The same goes for snake plant roots. You need to know what the roots look like, the difference between healthy and unhealthy roots, and what you can do with them.

Snake plants are grown worldwide as houseplants because they’re pretty easy to maintain and look magnificent.

I wrote this article to teach you everything about the roots of the mother-in-law’s tongue plant that you need to know. The best way to keep the plant happy and healthy is by knowing how to make the roots happy and healthy.

So, let’s get started!

What Are Snake Plant Roots?

The Sansevieria trifasciata, aka snake plant, doesn’t have a typical root system. The underground structures of these plants aren’t called roots, but rhizomes.

Additionally, these plants are succulents, which means they don’t have stems above the soil line.

Instead, the rhizomes travel through the soil until they locate a favorable position to sprout some leaves.

This feature is essential for snake plants in their natural habitats because if they cannot generate seeds, they’ll take over their surroundings.

This is the main reason Sansevieria plants are so simple to propagate.

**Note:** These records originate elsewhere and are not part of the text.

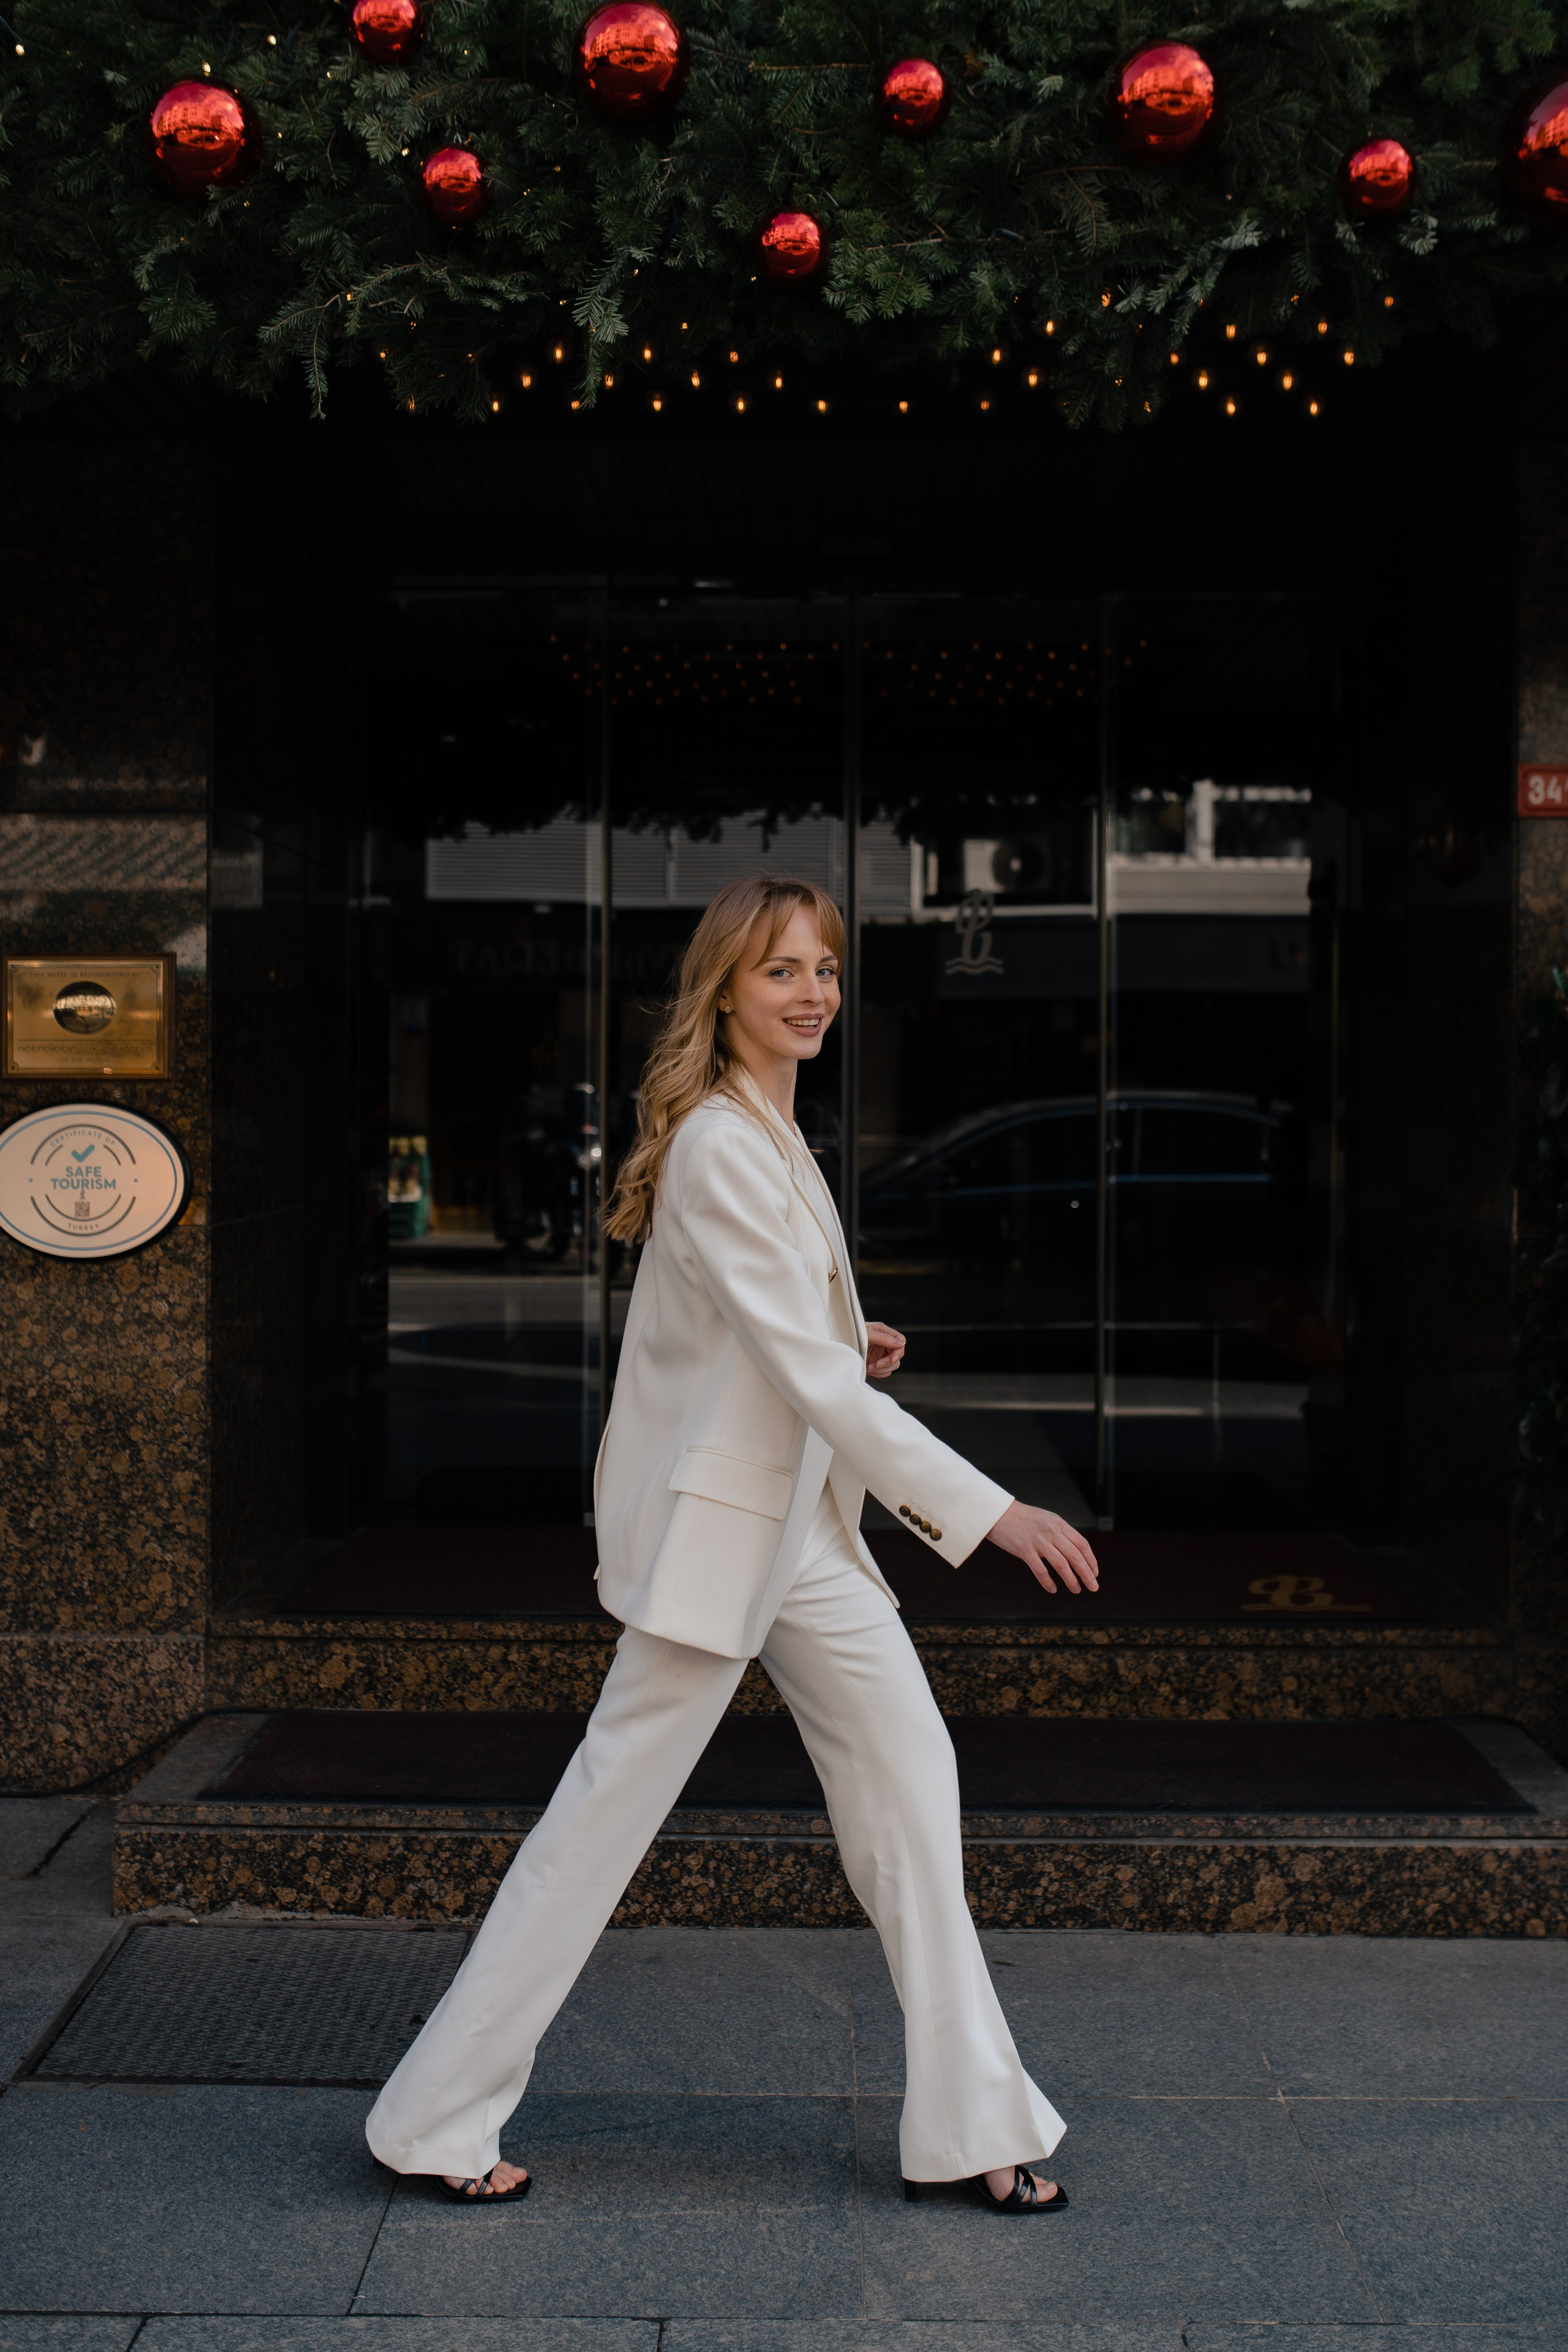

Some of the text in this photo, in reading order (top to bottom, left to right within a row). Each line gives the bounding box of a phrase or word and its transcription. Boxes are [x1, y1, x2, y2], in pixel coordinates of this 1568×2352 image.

[1528, 775, 1568, 805] 34
[17, 1044, 153, 1054] INDEPENDENT LUXURY HOTELS
[50, 1129, 102, 1147] CERTIFICATE
[66, 1166, 102, 1177] SAFE
[50, 1178, 116, 1190] TOURISM
[68, 1223, 99, 1231] TURKEY

What Should Sansevieria Roots Look Like?

snake plant roots

When discussing the roots of snake plants, we first need to learn what healthy roots are supposed to look like.

You probably don’t frequently look at the roots of your mother-in-law’s tongue plant, which is perfectly normal due to the snake plant growth rate.

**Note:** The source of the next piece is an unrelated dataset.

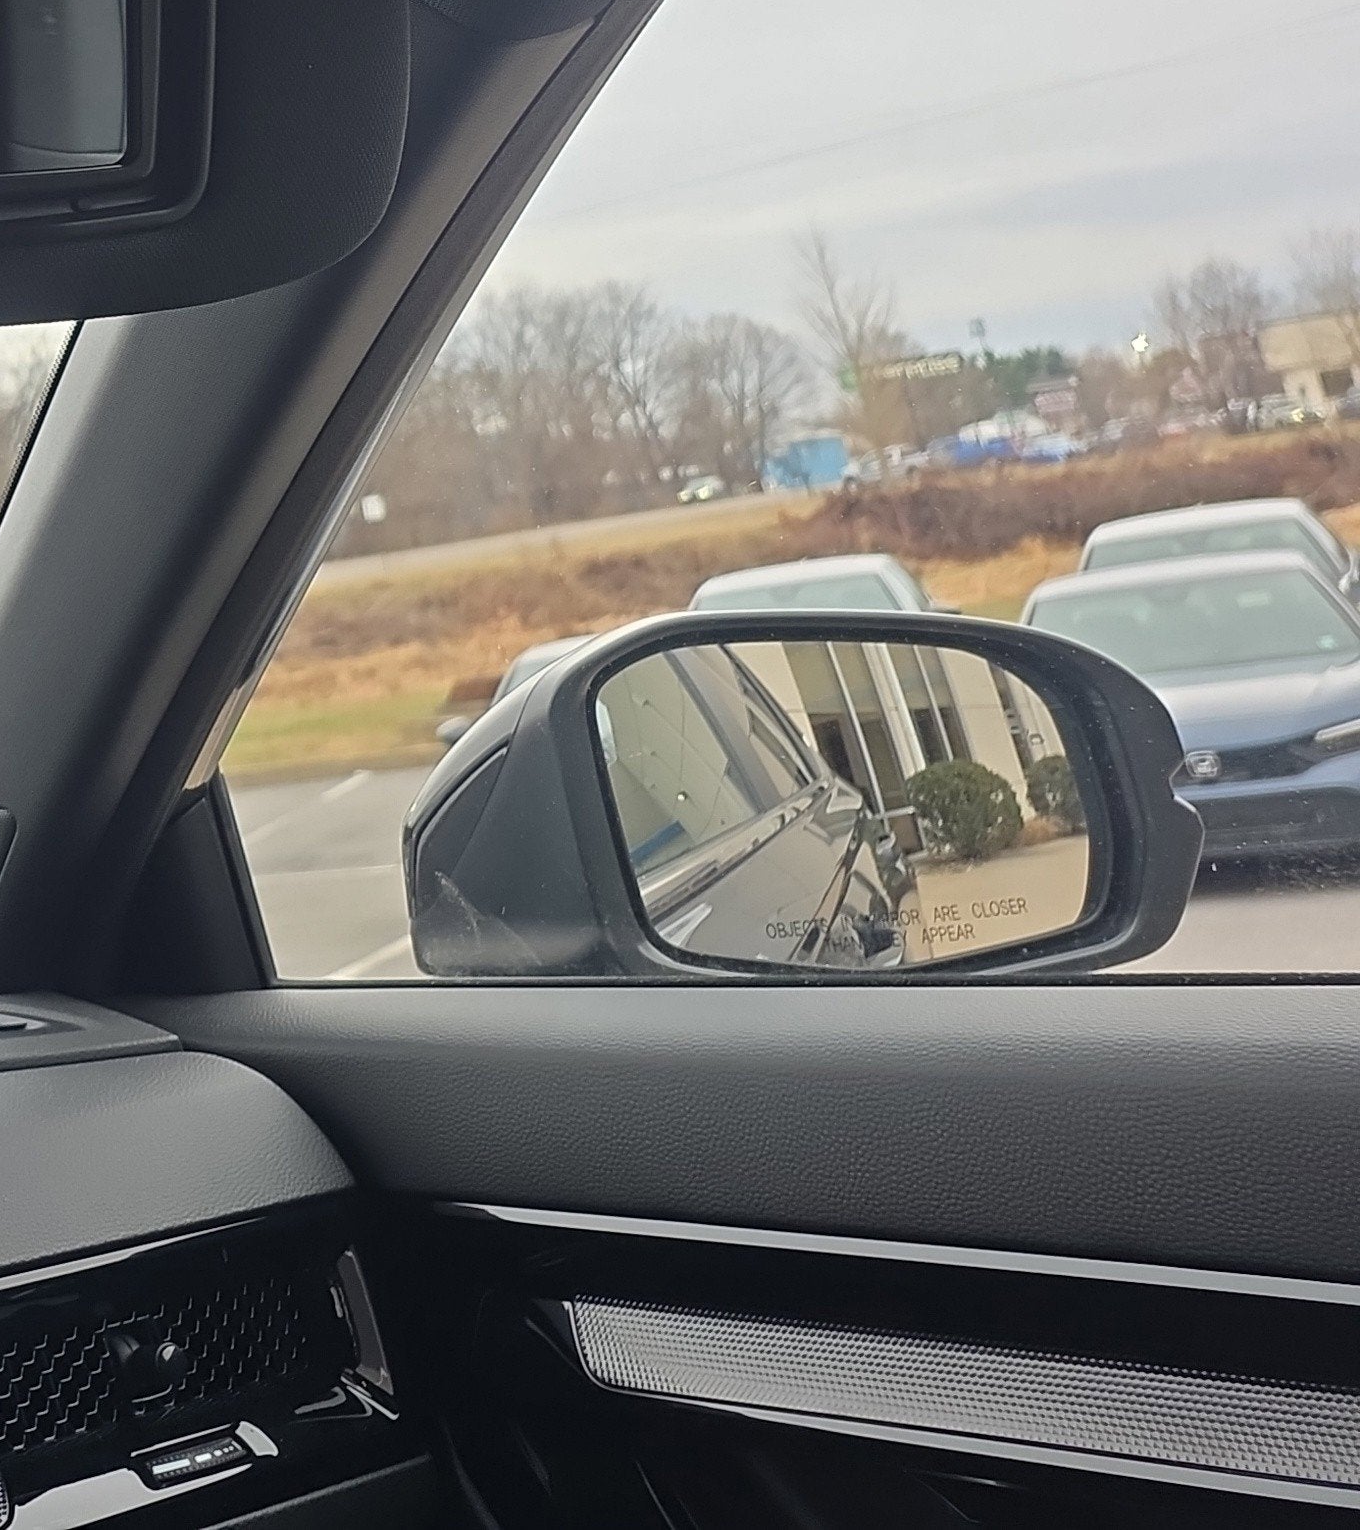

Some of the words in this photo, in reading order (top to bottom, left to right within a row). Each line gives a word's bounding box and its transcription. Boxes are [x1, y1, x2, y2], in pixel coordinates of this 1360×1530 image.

[863, 908, 921, 930] RROR
[933, 906, 961, 923] ARE
[971, 897, 1030, 919] CLOSER
[921, 923, 976, 945] APPEAR

Once the time for repotting comes and the roots start poking through the drainage holes, you might be startled by what you discover.

The first distinctive characteristic of the roots of these indoor plants is the color. They will most likely be vivid orange, unlike the majority of houseplant roots, which are typically white or grayish in hue.

Don’t panic if you notice this color as it’s completely normal for snake plant roots to be vivid orange.

Another thing that indicates healthy roots in these succulents is solid structure.

If the roots of your snake plant are healthy, their smell won’t be different from the soil.

How Deep Are Snake Plant Roots?

No matter the mature size of Sansevierias, these houseplants are plants with shallow root systems.

It may seem like there is a problem if the roots of these succulent plants don’t use all the space in their pot.

This is actually typical behavior for snake plants. Their natural habitats frequently have sandy, rocky, and relatively poor soil.

The Mother-in-law’s tongue plant frequently stays in the upper 3 to 4 inches of soil, and never explores the deeper layers.

However, this growth pattern may result in unforeseen challenges. For starters, many snake plants can reach heights of more than 3 feet.

Their height, coupled with their short root systems, may cause the plant to become top-heavy and fall over. I advise selecting a pretty deep pot, but you shouldn’t fill it all the way up; 4 to 6 inches of soil mix will suffice.

Another possible issue is that, as your Sansevieria rhizomes spread out, they may put strain on or shatter the pot’s edges.

The first and only way to prevent this is by monitoring your snake plant’s growth, separating the rootball, or moving it into a bigger pot.

What Do Unhealthy Sansevieria Roots Look Like?

Now you know all about healthy roots and their growth habit, so it’s time to find out what unhealthy snake plant roots look like.

Well, it’s impossible to determine if the roots are healthy without taking the plant out of its pot or inspecting the plant above the soil.

This makes the situation with the roots pretty complicated. If they don’t function the way they should, you may notice different changes to the leaves or stems, such as discoloration, drooping, shriveling, and wilting.

However, to get a certain diagnosis you must remove the plant and inspect what’s going on below the soil line.

Root Rot

The most typical problem to watch out for is root rot, as we mentioned in the introduction. This occurs when the soil is left damp for an extended period, which allows fungi and bacteria to proliferate in large numbers and contaminate the roots of your plant. The signs of root rot below the soil line are root discoloration and deformation.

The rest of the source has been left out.